Around your shoulders, a mantle of calm.
A leonine brow, from which sprout thoughts
well-considered, quiet, slippery to express;
your talk measures itself in slow paces,
shy and sometimes awkward.
I chase after your thoughts,
antelopes followed by a lumbering lioness.
I don't believe you are ever wrong.
Sage.
The wizard on the heath, conjuring,
robes of grey green hanging shaggy over his arms,
the wind at his back waving his wild hair.
Sage.
A grey-green plant, long-leaved, fuzzy,
with a musky, dusty smell.
I hang its leaves to dry with the rosemary
that you knead into loaves of brown bread.
Wise man, healer,
quiet center amid the storm that is me, wailing around you,
you touched me once when I was broken,
mended the eyes that bled blind, stinging tears;
your peace invaded my frenzy, fed me calm.
I owe my slow breath at night to your gentle soul.

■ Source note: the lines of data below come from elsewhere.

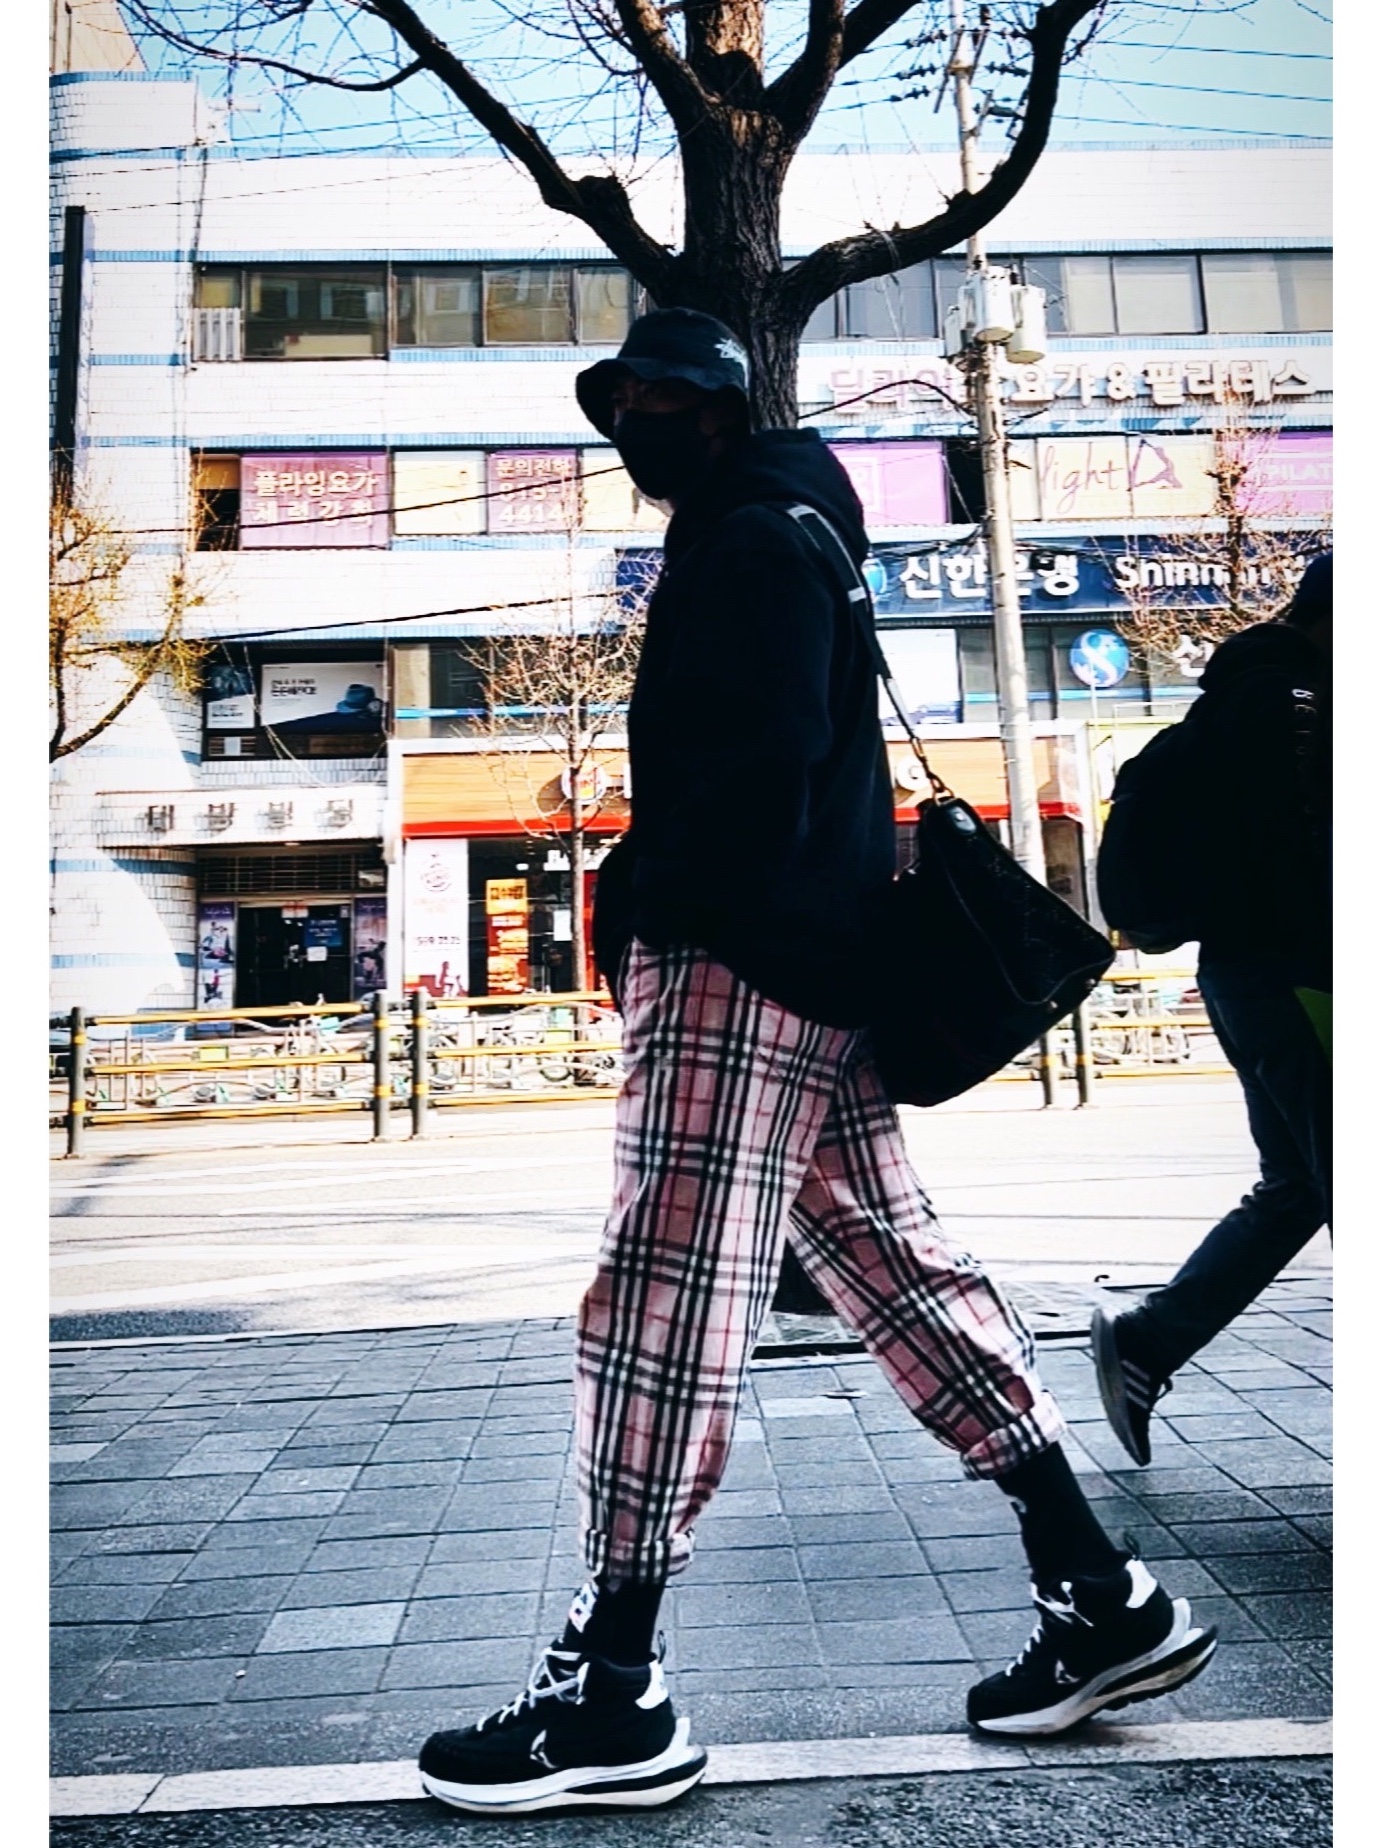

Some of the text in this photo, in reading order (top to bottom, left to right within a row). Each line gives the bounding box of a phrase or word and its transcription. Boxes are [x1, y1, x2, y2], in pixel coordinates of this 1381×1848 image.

[831, 360, 1317, 413] 딜라이 요가 & 필라테스
[254, 470, 380, 498] 플라잉요가
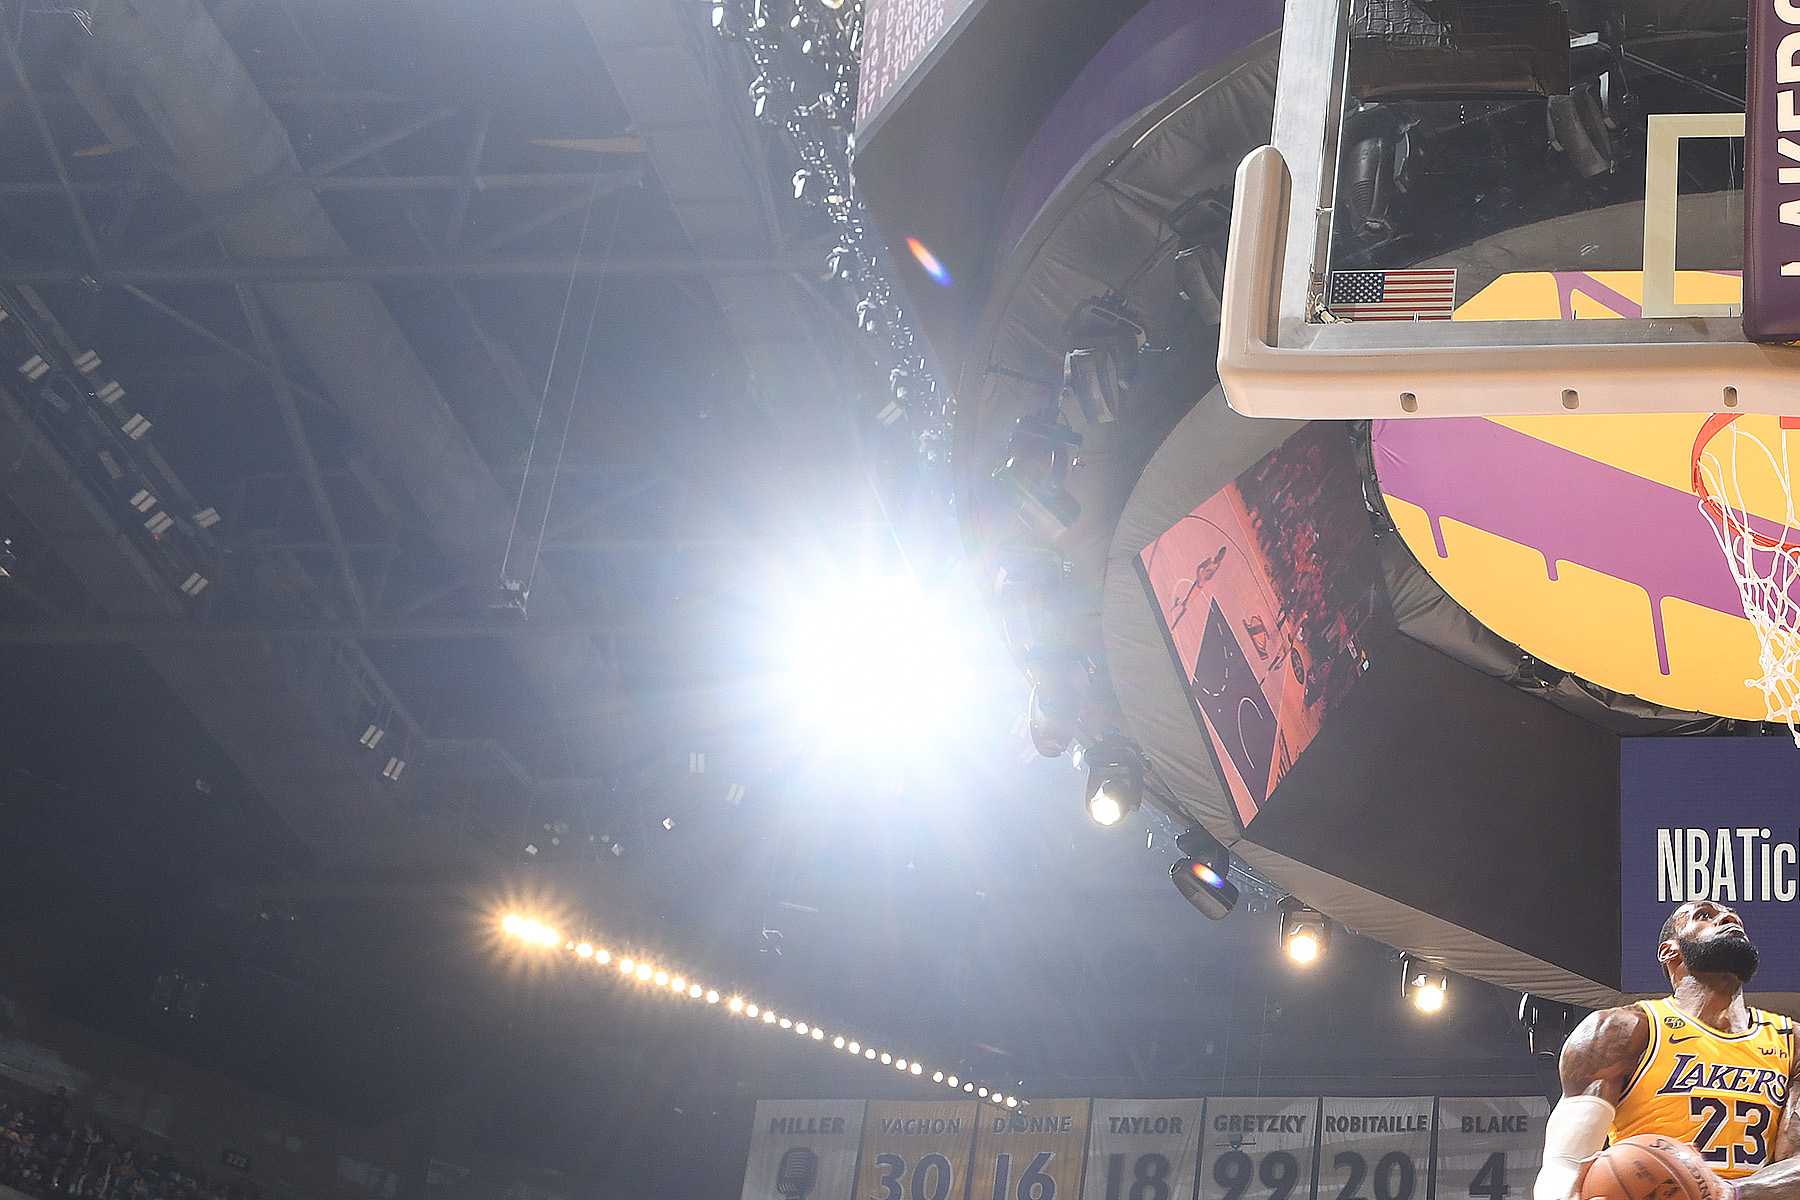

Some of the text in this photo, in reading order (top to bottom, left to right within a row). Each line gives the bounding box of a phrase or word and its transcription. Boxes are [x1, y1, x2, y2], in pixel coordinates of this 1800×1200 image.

[1655, 1053, 1789, 1107] LAKERS
[770, 1116, 846, 1136] MILLER
[881, 1116, 962, 1136] VACHON
[1108, 1115, 1183, 1135] TAYLOR
[1213, 1114, 1307, 1134] GRETZKY
[1325, 1114, 1428, 1133] ROBITAILLE
[1461, 1115, 1529, 1134] BLAKE
[1689, 1096, 1773, 1170] 23

You lay your warm palm against mine
cupping my energy, stilling, slowing.
In your eyes I am only myself, and the world
only what is seen, touched, tasted: real.
In your eyes I am only a woman, though loved.
You have let me grow, unattended, toward the light I found best.
You are soil, water, wall to lean upon.
I am free to bloom. I shower my petals upon you,
a rain of velvet reds and yellows, soft purples.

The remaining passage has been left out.